Voters in Japan's Okinawa re-elected Denny Tamaki as governor on Sunday, public broadcaster NHK and other media said, backing an independent candidate who wants a smaller U.S. military footprint on the chain of islands near Taiwan.
Okinawa prefecture is far closer to Taiwan than to Tokyo, putting it front and centre to growing tension in the region.
China this summer launched five missiles into the sea close to Okinawa, and within Japan's exclusive economic zone, during military exercises after U.S. House Speaker Nancy Pelosi visited Taiwan, which Beijing claims as its own.
The son of a U.S. Marine and a Japanese mother, he was first elected as governor four years ago when he campaigned against U.S. military presence.
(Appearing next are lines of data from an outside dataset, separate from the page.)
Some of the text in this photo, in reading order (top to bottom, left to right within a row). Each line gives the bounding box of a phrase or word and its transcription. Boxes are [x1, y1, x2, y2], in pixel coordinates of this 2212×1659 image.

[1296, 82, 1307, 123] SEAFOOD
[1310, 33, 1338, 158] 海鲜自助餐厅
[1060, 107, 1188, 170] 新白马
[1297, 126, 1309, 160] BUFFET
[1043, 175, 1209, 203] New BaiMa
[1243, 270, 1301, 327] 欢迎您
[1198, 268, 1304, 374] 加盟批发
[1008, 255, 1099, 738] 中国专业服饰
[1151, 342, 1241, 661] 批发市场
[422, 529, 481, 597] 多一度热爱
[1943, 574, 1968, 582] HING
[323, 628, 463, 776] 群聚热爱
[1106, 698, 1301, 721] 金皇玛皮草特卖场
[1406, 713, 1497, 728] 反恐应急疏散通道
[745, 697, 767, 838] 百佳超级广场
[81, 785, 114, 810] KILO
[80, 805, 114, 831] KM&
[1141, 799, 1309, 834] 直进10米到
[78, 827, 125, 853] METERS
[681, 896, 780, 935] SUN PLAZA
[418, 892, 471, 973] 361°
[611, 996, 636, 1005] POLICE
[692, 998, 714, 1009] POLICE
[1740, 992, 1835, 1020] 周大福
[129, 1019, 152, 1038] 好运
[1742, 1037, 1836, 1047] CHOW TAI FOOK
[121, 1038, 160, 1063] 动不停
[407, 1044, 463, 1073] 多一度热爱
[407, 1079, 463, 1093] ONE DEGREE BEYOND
This time, he focused more on the economy, after the pandemic battered Okinawa's tourism industry.
Tamaki enjoyed support from a coalition of opposition parties.
He told cheering supporters that he would continue to work to bolster the social safety net for the poor, although he did not skirt the contentious issue of U.S. military bases.
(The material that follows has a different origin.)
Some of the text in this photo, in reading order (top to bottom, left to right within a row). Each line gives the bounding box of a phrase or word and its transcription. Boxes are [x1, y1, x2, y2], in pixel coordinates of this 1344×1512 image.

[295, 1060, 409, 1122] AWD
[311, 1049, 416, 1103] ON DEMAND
"I have not wavered one millimetre, nor will I, in my efforts to resolve the base issue and I will continue to share my thoughts with the people of the prefecture and seek a solution from the government," he said.
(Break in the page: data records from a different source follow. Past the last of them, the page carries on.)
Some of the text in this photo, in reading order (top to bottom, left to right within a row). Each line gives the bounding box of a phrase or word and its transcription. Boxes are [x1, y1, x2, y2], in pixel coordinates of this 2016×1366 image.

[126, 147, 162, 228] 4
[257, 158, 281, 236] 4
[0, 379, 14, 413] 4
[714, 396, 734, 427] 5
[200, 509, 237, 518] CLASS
His victory represents the challenges faced by national leaders in Tokyo working to counter aggression from China's communist party.
The U.S. military is a hot-button issue in Okinawa, which saw some of the bloodiest fighting in World War Two and has long resented the burden of hosting the majority of U.S. troops in Japan on facilities that take up 5 percent of Okinawa's land.
Candidates backed by the LDP won four other recent mayoral elections in Okinawa, which some said may have signaled a potential shift of sentiment on the issue.
"I think the Taiwan situation may be having a bit of an impact even in Okinawa," Hino said.
But Tamaki has held on.
Prime Minister Fumio Kishida's ruling Liberal Democratic Party (LDP) has for many years pushed for increased defence spending to counter China.
The LDP had backed Atsushi Sakima, a former mayor. Tamaki defeated him in 2018 by 396,632 votes to 316,458, partly by calling for the large Futenma U.S. air base to be moved outside the prefecture.
Sakima favoured the central government's plan to move the base from a crowded urban area to Okinawa's more remote Henoko district, while a third candidate, former national lawmaker Mikio Shimoji, wants it re-purposed as a shared military and commercial airport.
Tokyo's plan seems to remains unpopular among islanders, as polls showed that 55 percent of Okinawa voters opposed moving the Futenma base to Henoko.